Мир стремительно рушился вокруг Грейс.
— Не-е-ет! — тоненько простонала она.
— Черт подери! — воскликнул Эдмунд. — Сегодня мы говорим об этом в последний раз! — Грейс вздрогнула. Отец бил рабов, когда сердился на них, хлестал бичом. Он вырезал язык у Мату. — Это моя плантация, и она перейдет к моим наследникам. Грейс выйдет замуж за белого, и ее дети — тоже. Со временем забудется грязное пятно в семейной истории.
«Грязное пятно, — думала Грейс. — Грязное пятно — это я. Черное пятно».
— Жак, — продолжал Эдмунд жестким тоном, — завтра ты уедешь, или — прости меня, Господи, — я тебя убью.
Жак бросил быстрый взгляд на сестру. Та закатила глаза, пожала плечами и сделала жест в сторону двери.
— Иди пока, — сказала она. — Мы поговорим позже, когда мой муж придет в себя.
Дядя Грейс бросил на Эдмунда убийственный взгляд, но подчинился.
Да нет же, подумала Грейс. В конце концов оказалось, что Жак ей вовсе не дядя. Почему-то эта мысль принесла ей облегчение. Он ей не родственник. Или все-таки родственник? Если у Иоланты и настоящей матери Грейс один и тот же отец, значит, они сестры? Разве могут белая и черная женщины быть сестрами? Все так запуталось…
Эдмунд обернулся к жене и забрал у нее подсвечник, который отдал ей раньше.
— Твой брат уедет в Санто-Доминго, и все пойдет по-прежнему. Для всего остального мира Грейс — наш общий ребенок. Я никогда не просил тебя любить ее или заботиться о ней, Иоланта. Никогда не ставил ее интересы выше твоих. Однако, если ты не желаешь выносить мое присутствие в своей постели, тебе все равно придется смириться до тех пор, пока у нас не появится другой наследник.

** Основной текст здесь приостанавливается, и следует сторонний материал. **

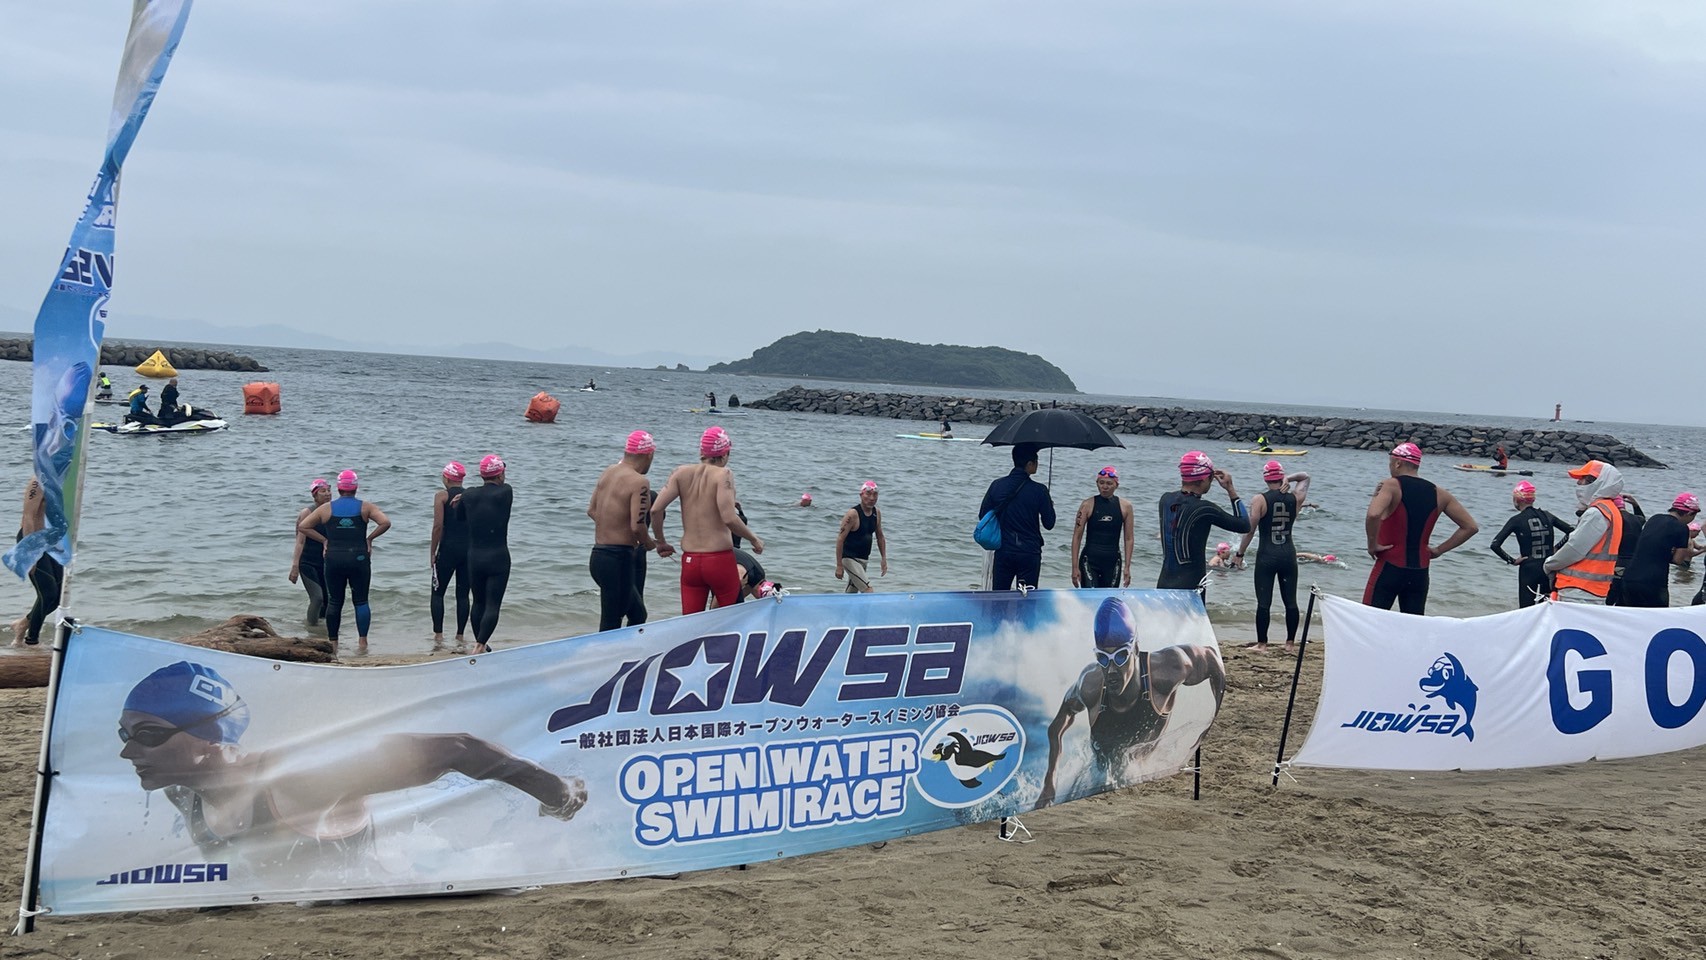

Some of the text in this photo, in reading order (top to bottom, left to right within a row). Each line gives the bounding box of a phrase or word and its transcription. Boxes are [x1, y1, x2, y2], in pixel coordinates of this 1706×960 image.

[560, 703, 961, 750] 一般社団法人日本国際オープンウォータースイミング協会
[623, 737, 918, 800] OPEN WATER
[638, 778, 905, 842] SWIM RACE
[96, 862, 229, 885] JIOWSA

Иоланта бросила на мужа свирепый взгляд.
— Я завтра же напишу отцу, — заявила она.
— Пиши, — пожал плечами Эдмунд. — Он, возможно, будет настаивать, чтобы я продал Грейс, но так же несомненно он будет настаивать, чтобы ты вернулась к своим супружеским обязанностям. Твой отец не хуже меня понимает, что нам нужен наследник.
Иоланта взмахнула рукой и что есть силы ударила Эдмунда по лицу. Он даже не шелохнулся.

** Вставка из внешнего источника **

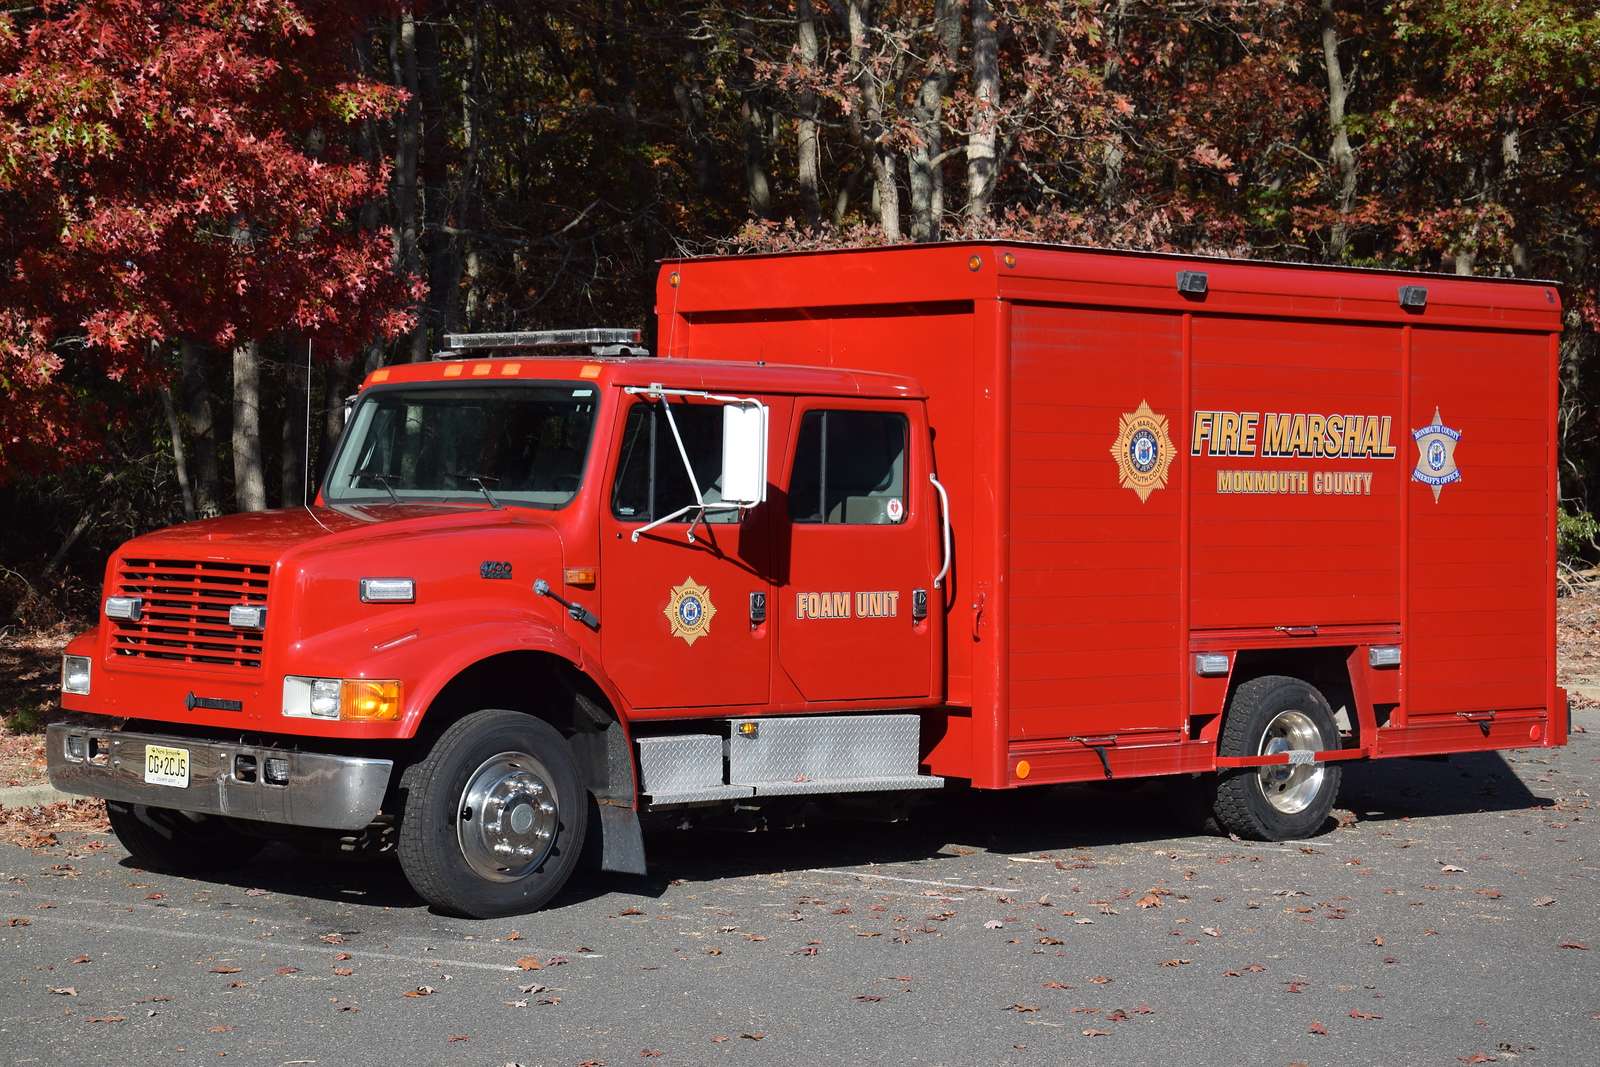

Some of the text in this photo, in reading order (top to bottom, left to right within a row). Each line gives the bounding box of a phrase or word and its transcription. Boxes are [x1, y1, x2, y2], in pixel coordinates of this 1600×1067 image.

— Это, моя дорогая, — с иронией проговорил он, — единственная цель, которую тебе сегодня удалось поразить.
Женщина в бешенстве выбежала из комнаты, а Эдмунд обернулся к дочери. Мату непрерывно гладила ее по головке, словно пыталась выпрямить тугие кольца ее локонов — единственный намек на происхождение девочки.
— Она такая светленькая, правда, Мату? — Он наклонился, чтобы самому провести по густым золотисто-каштановым кудрям. — Моя маленькая золотая девочка!
«Такая сладкая девочка, как ты. За тебя дадут самую высокую цену».
— Если… если Иоланта родит другого ребенка, ты меня продашь, папа? — спросила Грейс слабым, чуть слышным голосом.
Эдмунд улыбнулся:
— На это почти нет надежды, куколка. Никто не собирается тебя продавать.
«Куколка». У Грейс тоже была кукла. Мягкая тряпичная кукла, которую сделала для нее Мату, когда Грейс была совсем маленькой. Игрушка.
Лицо отца помрачнело.
— Что… что он тебе сделал? Ты должна мне все рассказать. Грейс спрятала лицо на плоской груди Мату.
— Я не могу. Эдмунд вздохнул:
— Он что-нибудь просовывал тебе между ног?
Грейс ответила, уткнувшись в плечо няни. Отец не расслышал.
— Что? — настаивал он. Мату помахала пальцами. — Свои пальцы? — Грейс кивнула. — Осмотри ее, — приказал няне Эдмунд. — Господи, прости меня! Если он ее изнасиловал, он — покойник.
Когда Эдмунд вышел, Мату погладила девочку, без слов успокоила ее, потом выполнила приказ Эдмунда — осмотрела Грейс и ободряюще ей улыбнулась.
— Все в порядке? — спросила Грейс, не совсем понимая, о чем говорит. Она не знала, что ищет Мату. Может быть, хочет убедиться, что Жак ее не порвал каким-нибудь образом. Ведь он же говорил, что порвет.
Мату кивнула, притянула Грейс к себе на колени и укачивала до тех пор, пока девочка наконец не заснула. И вот снова Мату охраняет ее от чудовищ, готовая пожертвовать всем, если потребуется защитить малышку.